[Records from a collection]
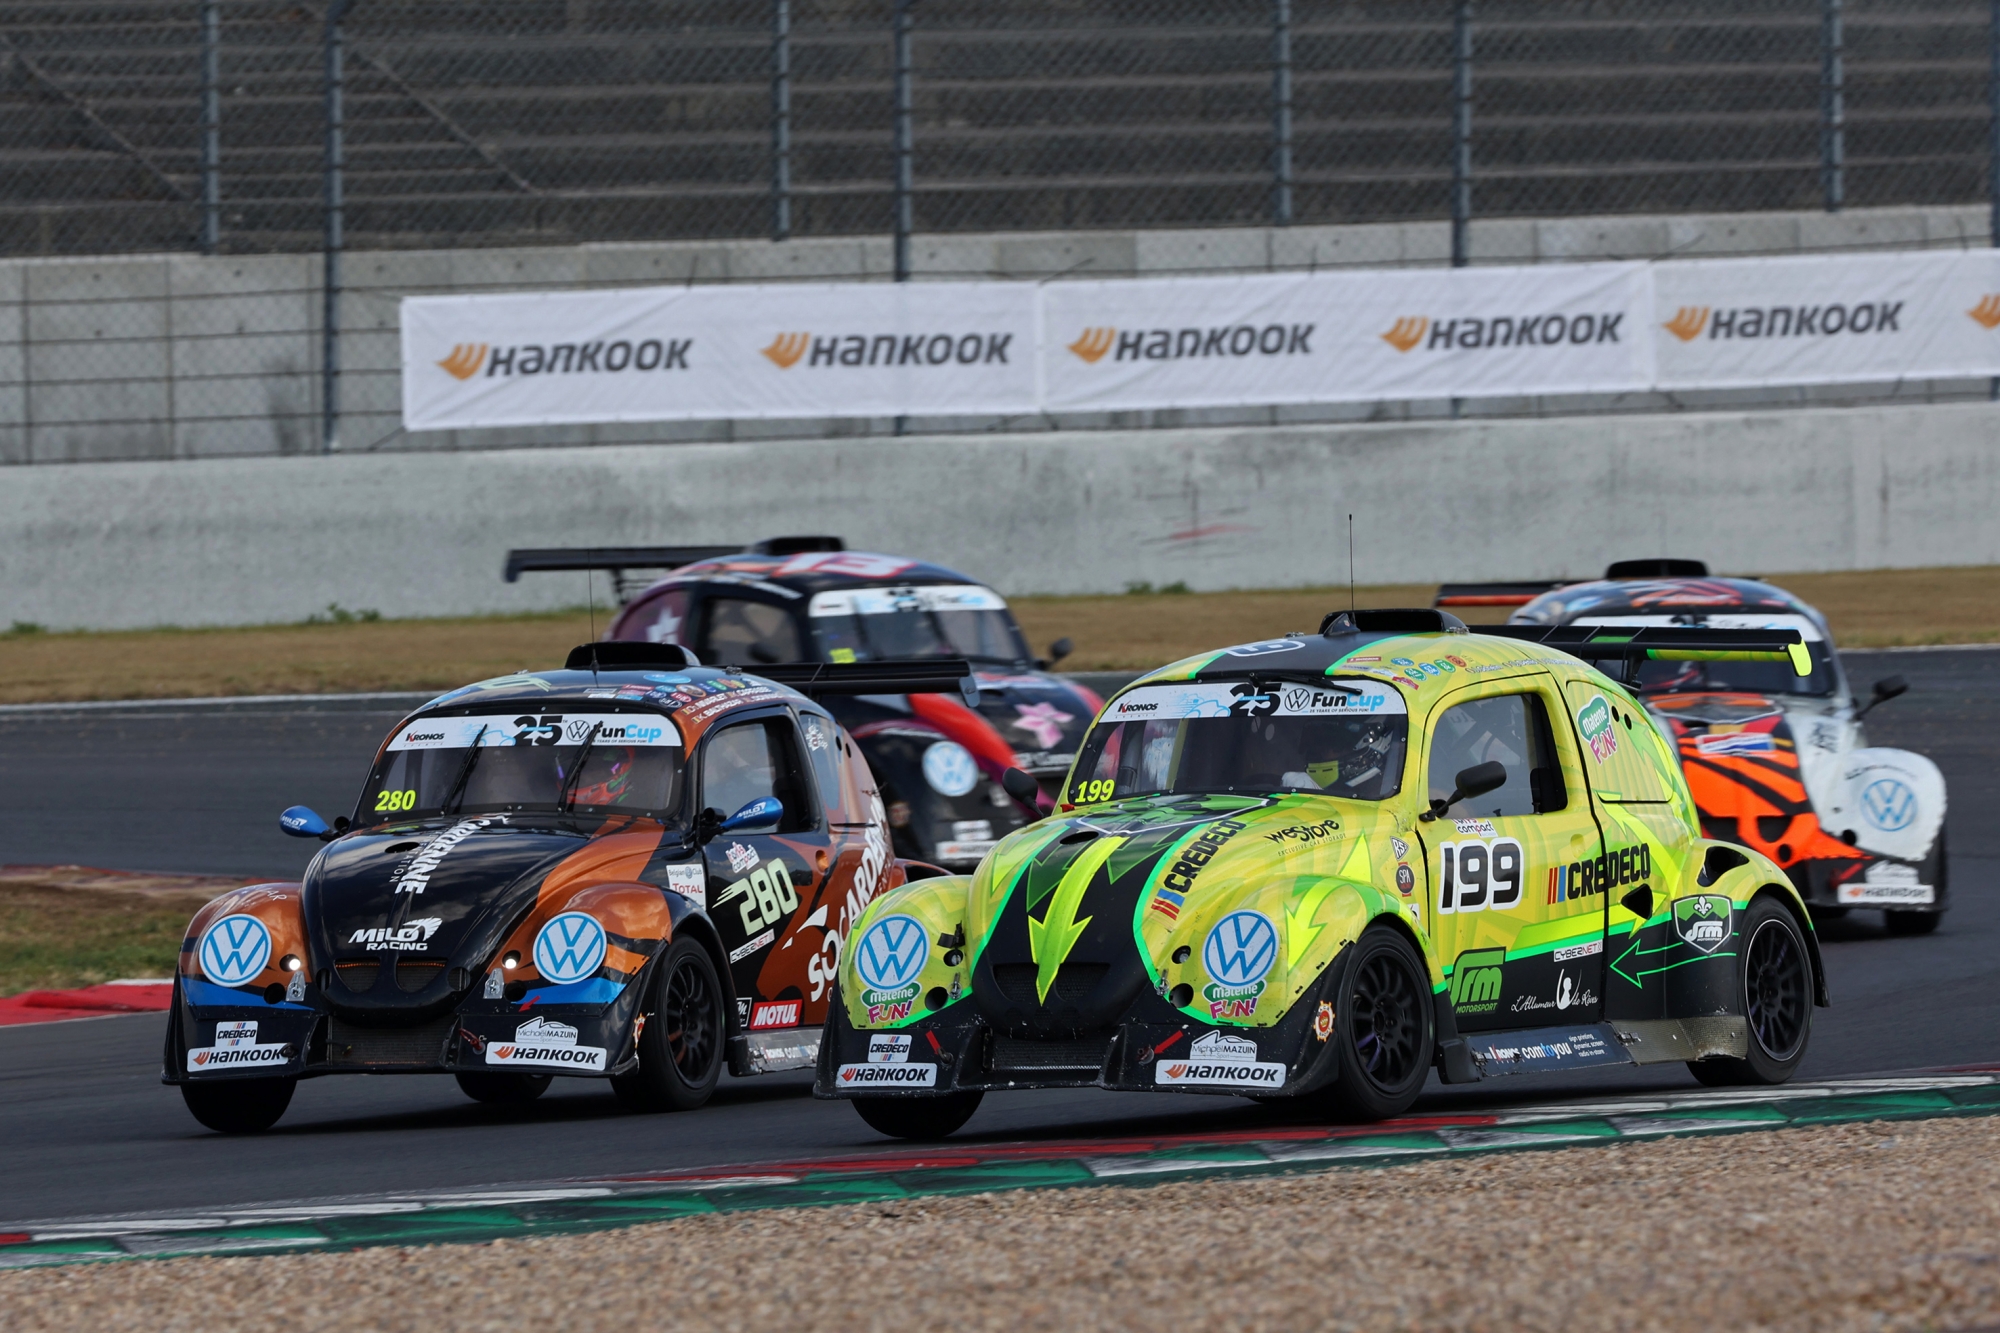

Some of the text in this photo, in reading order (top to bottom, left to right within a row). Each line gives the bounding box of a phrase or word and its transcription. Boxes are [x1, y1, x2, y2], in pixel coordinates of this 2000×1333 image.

[1709, 299, 1904, 340] HANKOOK
[1115, 322, 1314, 362] HANKOOK
[1427, 312, 1623, 351] HANKOOK
[486, 338, 693, 377] HANKOOK
[809, 331, 1013, 368] HANKOOK
[1117, 700, 1159, 713] KRONOS
[1230, 683, 1281, 716] 25
[1311, 692, 1385, 712] FunCup
[405, 730, 445, 742] KRONOS
[513, 715, 563, 746] 25
[1590, 724, 1617, 765] FUN!
[374, 790, 417, 811] 280
[1074, 779, 1116, 803] 199
[1457, 821, 1495, 836] compact
[1277, 833, 1347, 857] EXCLUSIVE CAR STORAGE
[1163, 820, 1247, 893] CREDECO
[1398, 868, 1411, 884] SPA
[1438, 837, 1524, 914] 199
[1567, 843, 1651, 900] CREDECO
[672, 883, 703, 894] TOTAL
[711, 858, 799, 936] 280
[366, 941, 428, 951] RACING
[1554, 943, 1598, 961] CYBERNET
[753, 1003, 798, 1026] MOTUL
[868, 1000, 913, 1024] FUN!
[1210, 998, 1258, 1019] FUN!
[1455, 1002, 1498, 1014] MOTORSPORT
[217, 1029, 257, 1039] CREDECO
[208, 1048, 282, 1064] HANKOOK
[512, 1048, 599, 1064] HANKOOK
[870, 1043, 909, 1053] CREDECO
[1521, 1043, 1573, 1059] comtoyou
[854, 1068, 930, 1082] HANKOOK
[1185, 1065, 1278, 1081] HANKOOK

Task directions: Copy every line of the data word for word, omitting the images.

Answer box:
Some of the text in this photo, in reading order (top to bottom, left to right within a row). Each line gives the bounding box of a phrase or word and its transcription. Boxes are [x1, y1, x2, y2], in pixel coordinates of this 2000×1333 image.

[1709, 299, 1904, 340] HANKOOK
[1115, 322, 1314, 362] HANKOOK
[1427, 312, 1623, 351] HANKOOK
[486, 338, 693, 377] HANKOOK
[809, 331, 1013, 368] HANKOOK
[1117, 700, 1159, 713] KRONOS
[1230, 683, 1281, 716] 25
[1311, 692, 1385, 712] FunCup
[405, 730, 445, 742] KRONOS
[513, 715, 563, 746] 25
[1590, 724, 1617, 765] FUN!
[374, 790, 417, 811] 280
[1074, 779, 1116, 803] 199
[1457, 821, 1495, 836] compact
[1277, 833, 1347, 857] EXCLUSIVE CAR STORAGE
[1163, 820, 1247, 893] CREDECO
[1398, 868, 1411, 884] SPA
[1438, 837, 1524, 914] 199
[1567, 843, 1651, 900] CREDECO
[672, 883, 703, 894] TOTAL
[711, 858, 799, 936] 280
[366, 941, 428, 951] RACING
[1554, 943, 1598, 961] CYBERNET
[753, 1003, 798, 1026] MOTUL
[868, 1000, 913, 1024] FUN!
[1210, 998, 1258, 1019] FUN!
[1455, 1002, 1498, 1014] MOTORSPORT
[217, 1029, 257, 1039] CREDECO
[208, 1048, 282, 1064] HANKOOK
[512, 1048, 599, 1064] HANKOOK
[870, 1043, 909, 1053] CREDECO
[1521, 1043, 1573, 1059] comtoyou
[854, 1068, 930, 1082] HANKOOK
[1185, 1065, 1278, 1081] HANKOOK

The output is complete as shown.